In later life she was a Sunday School teacher for the Irvington Methodist Church.

Tobin died on June 22, 2025, at the age of 83.

==Political career==
===Kentucky House of Representatives===
In 1975, Tobin was elected to be a member of the Kentucky State House of Representatives from the 18th District which comprised Breckinridge and Meade counties. She served in the House from 1976 to 1984. In her first race, she defeated two other Democrats in the primaries (Lynn Thompson and Wade Glasscock) before she defeated Republican Henry Gibson in the general election (4,287 to 2,915 votes). In 1977, she defeated Keenan O'Connell in the primary election and faced no organized candidate in the general election. In 1979, she ran unopposed in both the primary and general elections. In 1981, she defeated F. Wayne Moore in the primaries but again faced no opposition in the general election. While in the House, she served as Chair of the Capital Construction Oversight Committee as well as worked to update the state's judicial system, automobile title laws, and driver's license plan.

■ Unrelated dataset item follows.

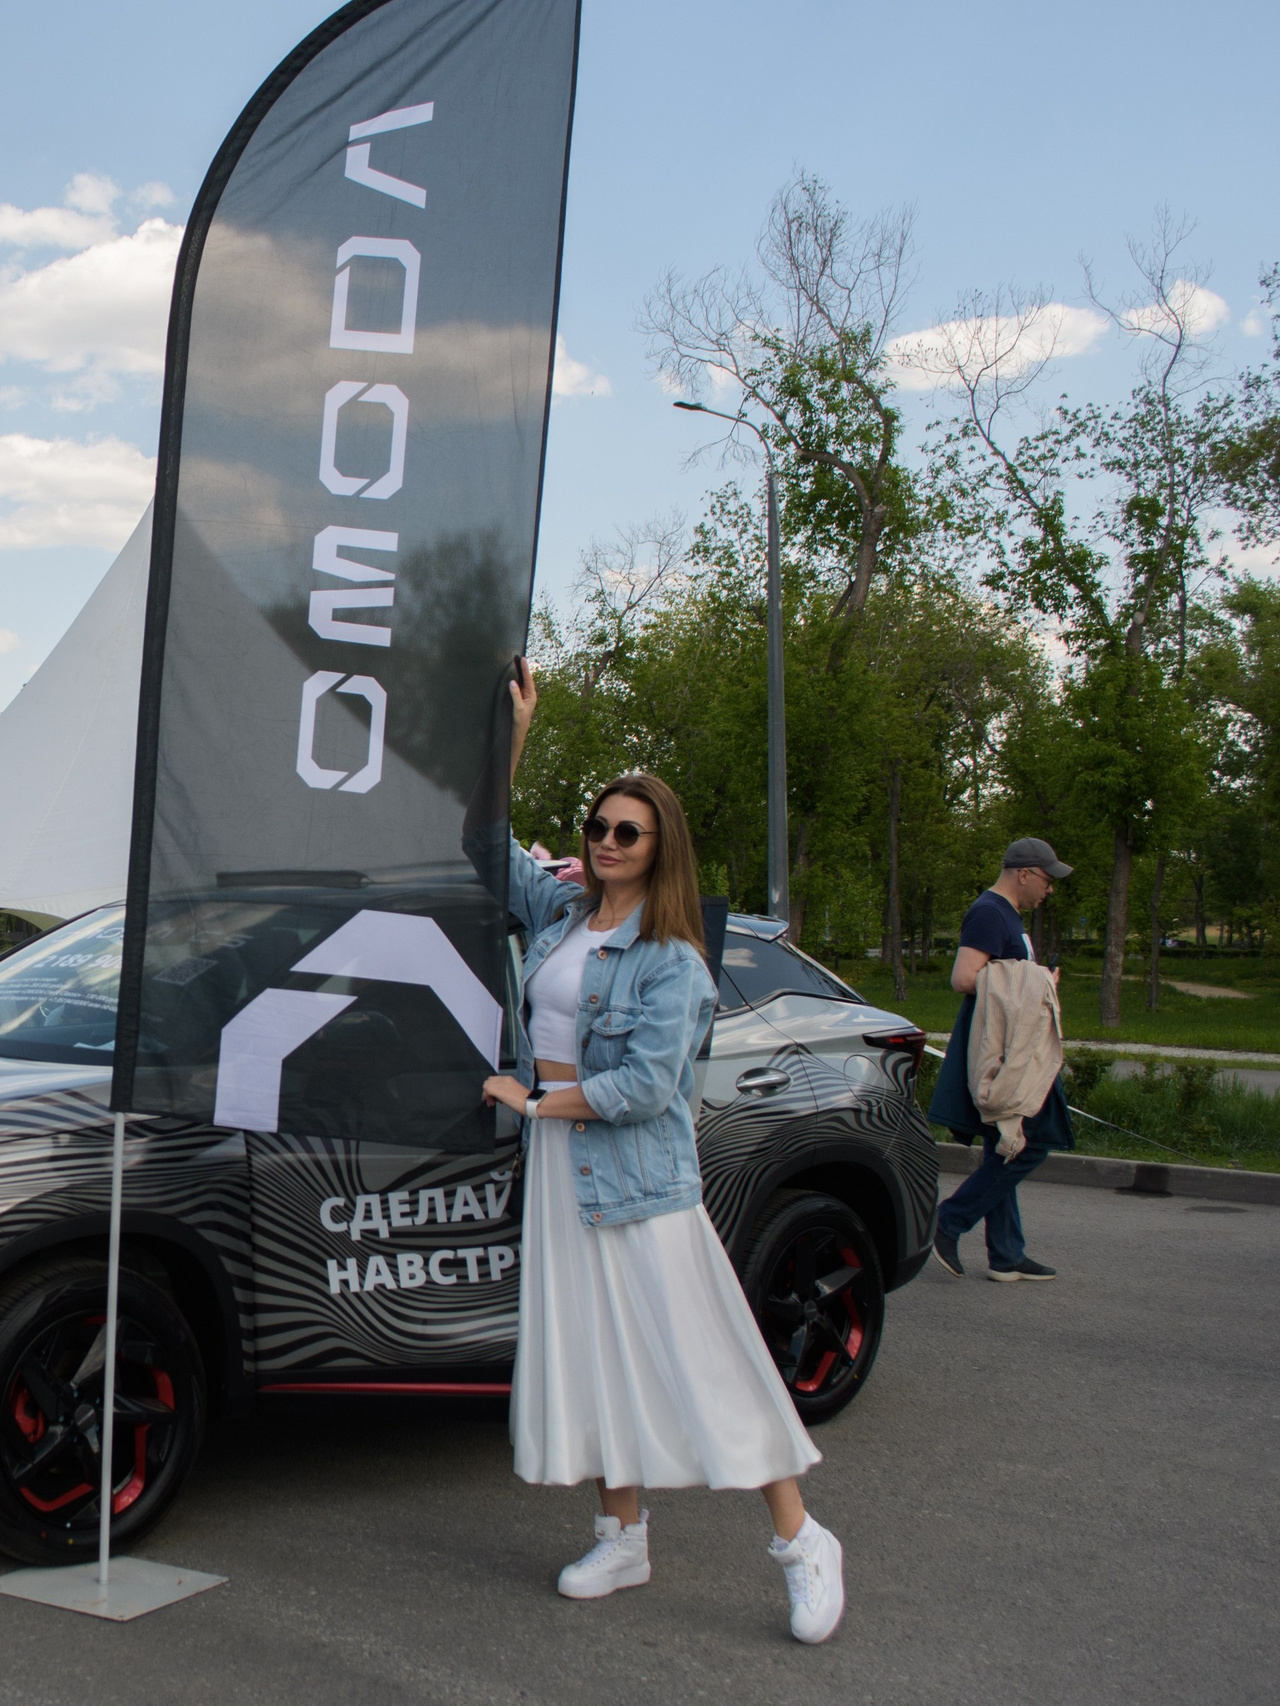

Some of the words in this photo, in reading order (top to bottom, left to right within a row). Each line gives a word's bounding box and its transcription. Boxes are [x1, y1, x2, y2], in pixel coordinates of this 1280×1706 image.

[296, 101, 435, 795] OMODA
[320, 1170, 513, 1241] СДЕЛАЙ
[326, 1245, 521, 1294] НАВСТР

===Kentucky Auditor of Public Accounts===
In 1983, Tobin decided to campaign to be the Kentucky Auditor of Public Accounts. In the Democratic Party primary, she beat out Jerry Lundergan, Ed W. Hancock, Tom Ray, Logan Turner, and Doris Faye with 143.836 votes. Lundergan was the second-place finisher with 77,419 votes.

In the general election, she defeated Republican Ronald B. Halleck with 503,954 votes to Halleck's 280,331 votes. She served in the position from 1984 until 1988.

As Auditor, she started a hotline to report fraud and established the Economy and Efficiency Audit Division as a way to try to stop waste in government.

===Kentucky Senate campaign===
Tobin sat out of politics for several years but in 1992 she decided to run for the district 5 seats in the Kentucky State Senate. She won the Democratic primary election which had seven candidates. She lost the general election to Republican Virgil Moore by 2,590 votes.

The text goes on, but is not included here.